Study of the slippage of particle/supercritical CO2 two-phase flow

• Published in: The Journal of supercritical fluids Vol. 120; pp. 173 - 180
• Main Authors: Hou, Lei, Sun, Baojiang, Geng, Xueyu, Jiang, Tingxue, Wang, Zhiyuan
• Format: Journal Article
• Language: English
• Published: Elsevier B.V 01.02.2017
• Subjects: Analytic calculations; Slippage behavior; Supercritical CO2; Two-phase flow; Visualization experiments; Visualization experiments; Slippage behavior; Two-phase flow; Supercritical CO2; Analytic calculations
• ISSN: 0896-8446; 1872-8162
• DOI: 10.1016/j.supflu.2016.09.016

[Display omitted] •Particle-SC-CO2 two-phase flow experiments have been performed.•Particle slippage in SC-CO2 is similar to a liquid.•Analytic calculations of slippage velocity and displacement have been derived.•The density of SC-CO2 exerts a greater influence than the viscosity on the slippage. In this paper, the slippage velocity and displacement between particles and supercritical CO2 (SC-CO2) were studied to reveal the particle-SC-CO2 two-phase flow behavior. Visualization experiments were performed to directly measure the slippage velocity and displacement. Eight groups of experiments involving various pressures (7.89–10.96MPa), temperatures (38.6–47.5°C), particle diameters (0.3–0.85mm), particle densities (2630 and 3120kg/m3) and SC-CO2 flow rates (0.920–1.284m/s) were conducted.

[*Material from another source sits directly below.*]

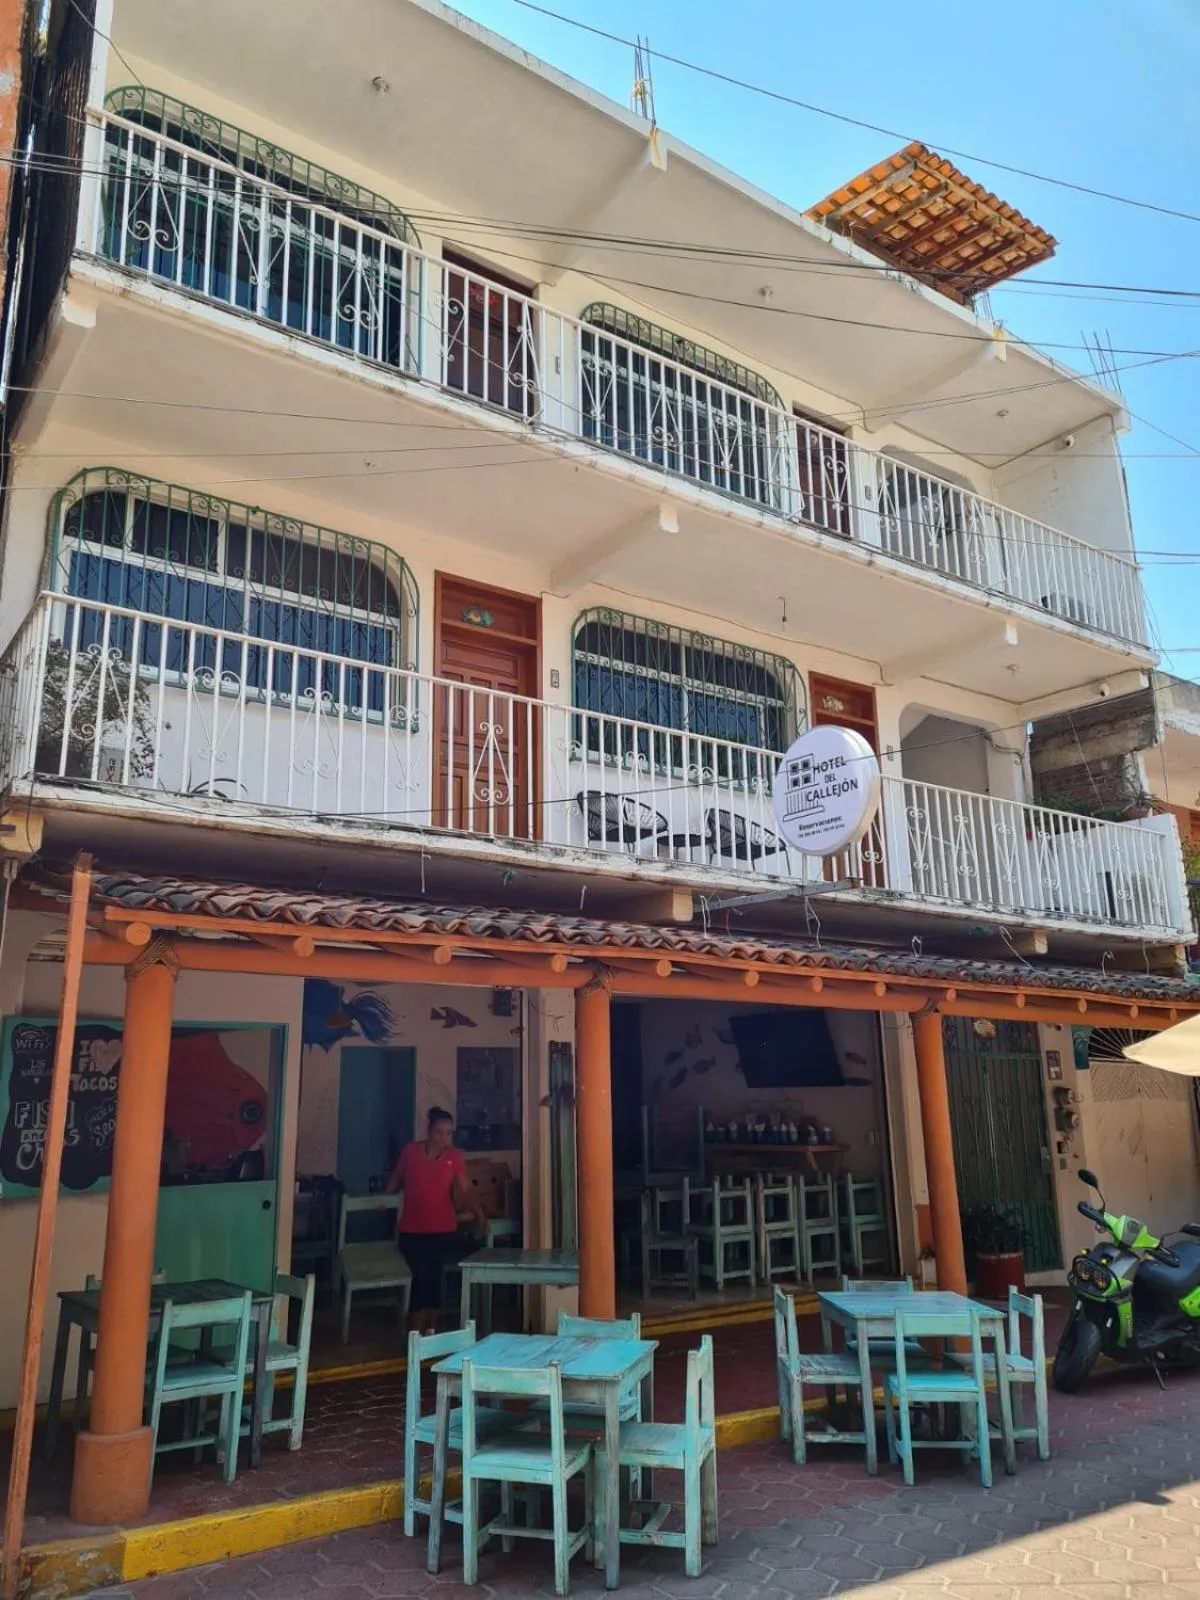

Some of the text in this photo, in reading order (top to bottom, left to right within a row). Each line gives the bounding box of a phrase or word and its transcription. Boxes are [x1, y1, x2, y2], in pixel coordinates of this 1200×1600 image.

[813, 756, 847, 774] HOTEL
[824, 773, 836, 783] DEL
[806, 778, 858, 802] CALLEJÓN
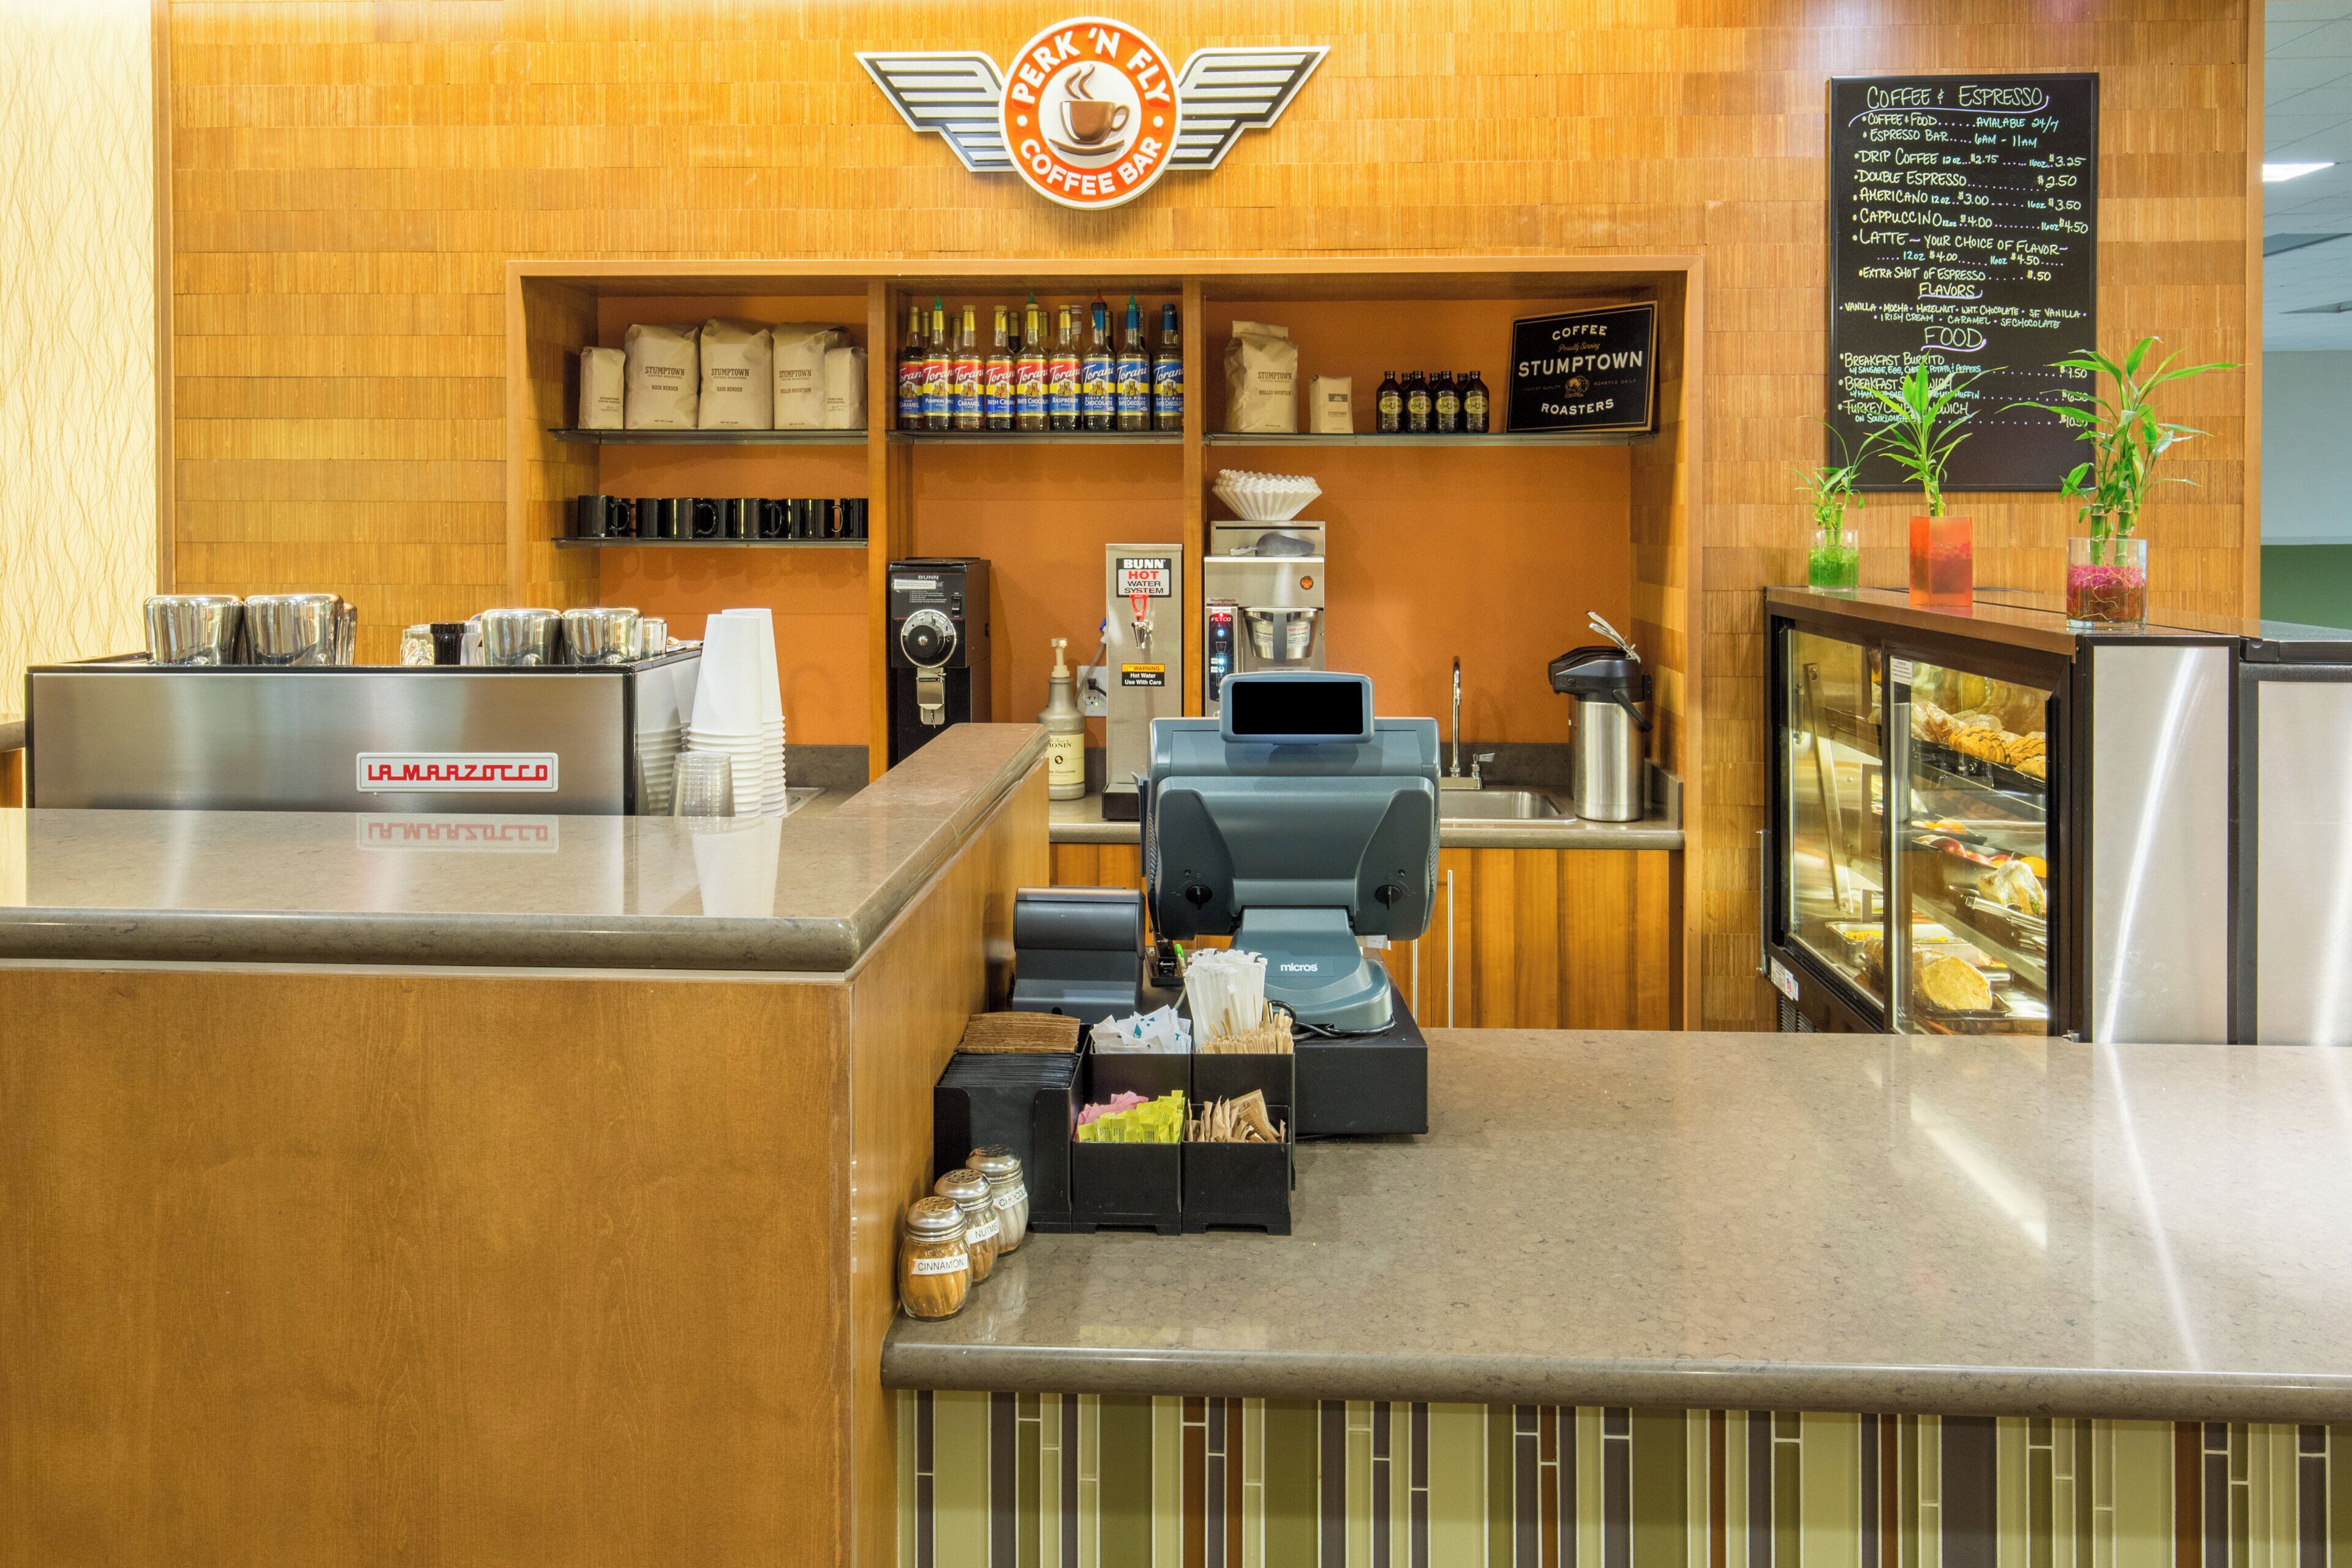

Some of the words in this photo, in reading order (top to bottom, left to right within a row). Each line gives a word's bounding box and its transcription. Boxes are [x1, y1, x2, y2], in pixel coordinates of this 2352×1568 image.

The measured particle slippage velocities in the flowing direction were approximately 10.3% of the SC-CO2 flow rate. The measured particle slippage displacements were all at the centimeter level, which indicated that SC-CO2 had a superior particle transporting capability that was similar to those of liquids even if it had a low viscosity that was similar to those of gases. A numerical model was built, and analytic slippage calculations were performed for SC-CO2 for additional analyses. The density of SC-CO2 was found to have a greater influence on the slippage than the viscosity. Moreover, a comparison of the slippage between SC-CO2 and water showed that the particle slippage in water was constant, while the particle slippage in SC-CO2 continually accumulated at an extremely slow rate.